Alors bien sûr, l’équipe a fait ce qu’elle a pu et a essayé de remédier « mais concrètement on n’a pas le matériel et on n’a pas les bons soignants pour faire ce qu’il faut faire dans ce service », a-t-il poursuivi. Les services hospitaliers spécialisés sont également débordés, certains patients attendant parfois trois jours sur des civières. Et quand il s’agit de personnes très âgées qui développent des escarres et des phlébites au cours de leur séjour « elles repartent avec plus de complications qu’à leur arrivée » se plaint le médecin.

Des « rustines » pour faire face à la crise

Conscient que certains dossiers ne sont pas sous l’autorité de la direction mais le ministère de la santé, collectivement, a demandé au moins « des correctifs pour éviter trop de dégâts ». Par exemple, des soignants supplémentaires sont demandés dans le couloir, où jusqu’à douze patients peuvent s’entasser. Il a également demandé le renforcement des effectifs des unités d’hospitalisation de courte durée qui doivent appliquer des traitements sévères à proximité des soins intensifs, en attendant qu’une place en réanimation se libère.

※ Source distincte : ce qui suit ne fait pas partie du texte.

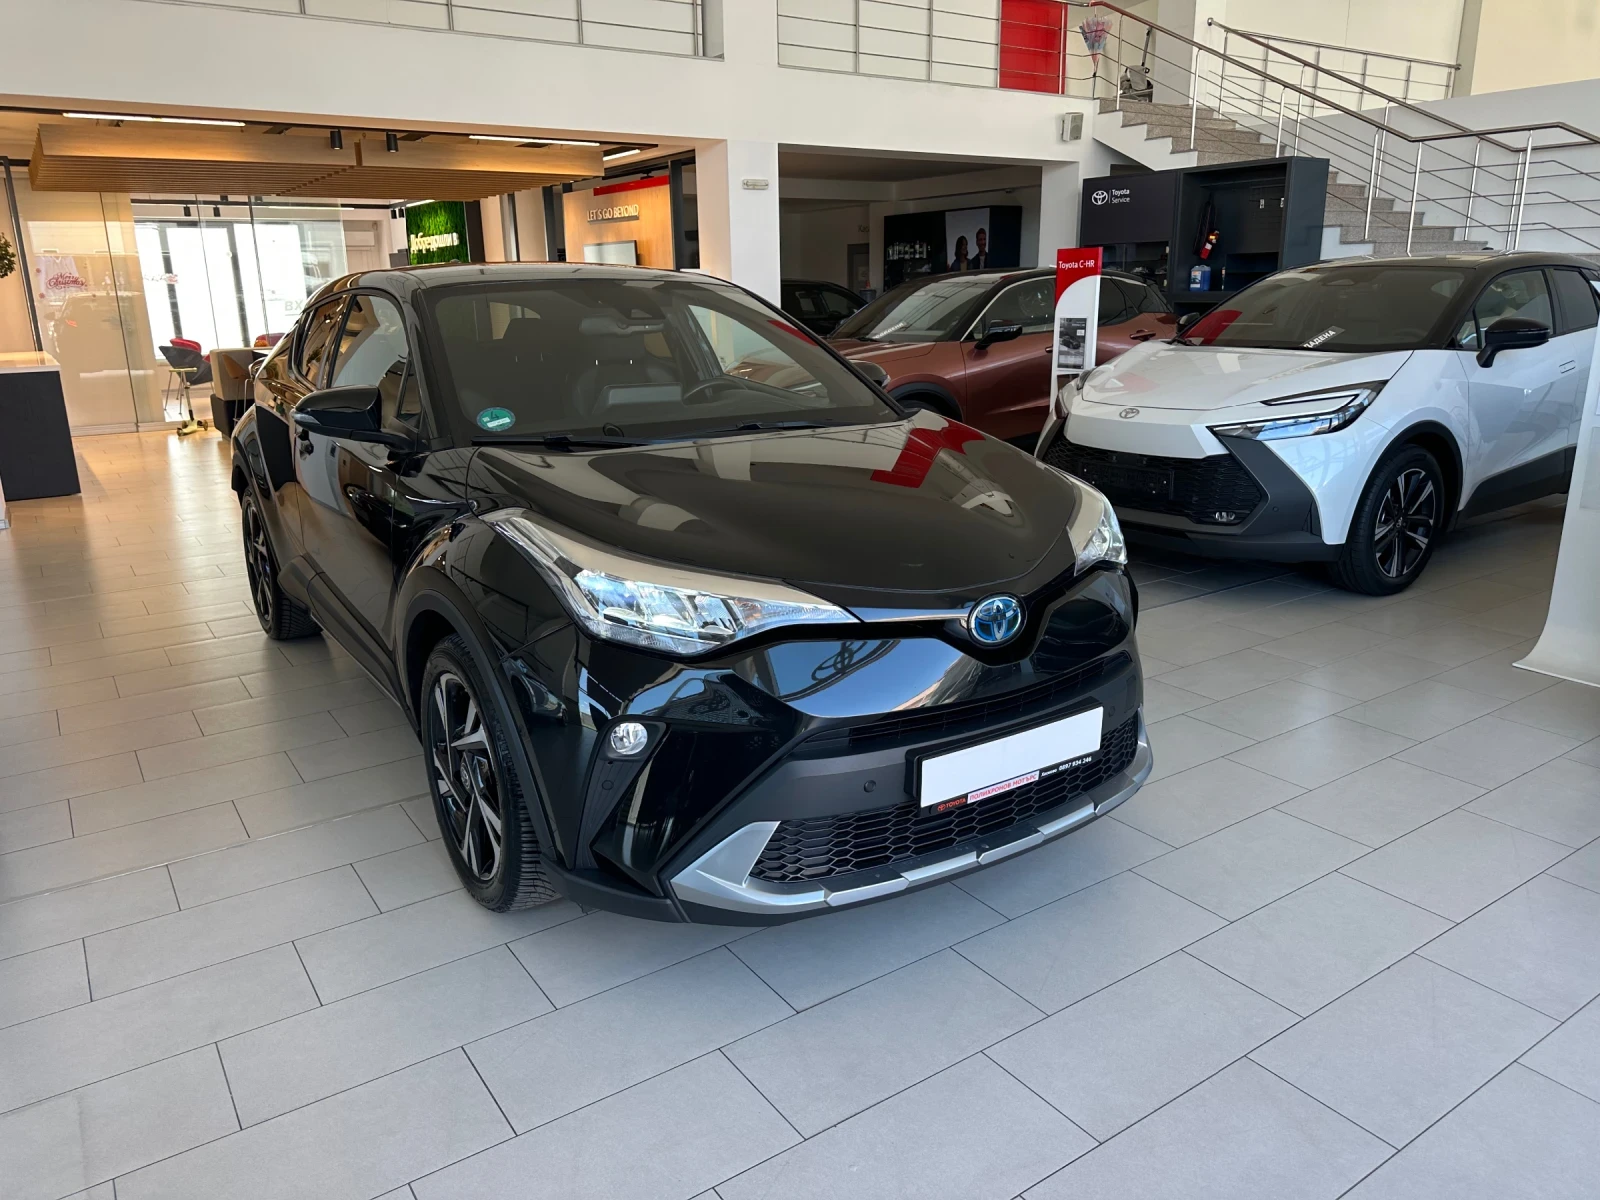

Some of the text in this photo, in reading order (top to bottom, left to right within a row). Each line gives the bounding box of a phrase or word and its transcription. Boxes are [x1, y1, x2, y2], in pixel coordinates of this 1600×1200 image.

[1112, 189, 1130, 197] Toyota
[602, 207, 613, 219] GO
[613, 204, 639, 218] BEYOND
[1058, 259, 1095, 270] Toyota C-HR
[946, 798, 966, 808] TOYOTA
[969, 782, 1011, 801] ПОЛИХРОНОВ
[1012, 773, 1037, 787] МОТЪРС

Plus d’une dizaine de médecins ont démissionné du CHU de Bordeaux en 2021 et de nombreux ambulanciers ont également demandé leur mise à disposition ou remis leur démission, comme en témoigne Gilbert Mouden. « L’ajout de main-d’œuvre doit être une priorité car sinon l’agence connaîtra un burn-out et c’est un cercle vicieux, a-t-il ajouté. La direction sait qu’une solution doit être trouvée. Nous n’avons plus de réserves de personnel, nous sommes arrivés à une situation très grave. »

Et ce n’est pas le projet de modernisation du CHU, prévu pour 2030, déjà jugé « obsolète » par les jeunes médecins au vu de l’absence d’augmentation prévue des lits d’hospitalisation, qui les convaincra.

« Ce n’est pas dans notre culture [de se mobiliser], nous préférons nous reposer et faire autre chose entre nos gardes. Mais comme notre patient est décédé dans le couloir et que notre collègue s’est suicidé, nous n’avions pas le choix », conclut Aude.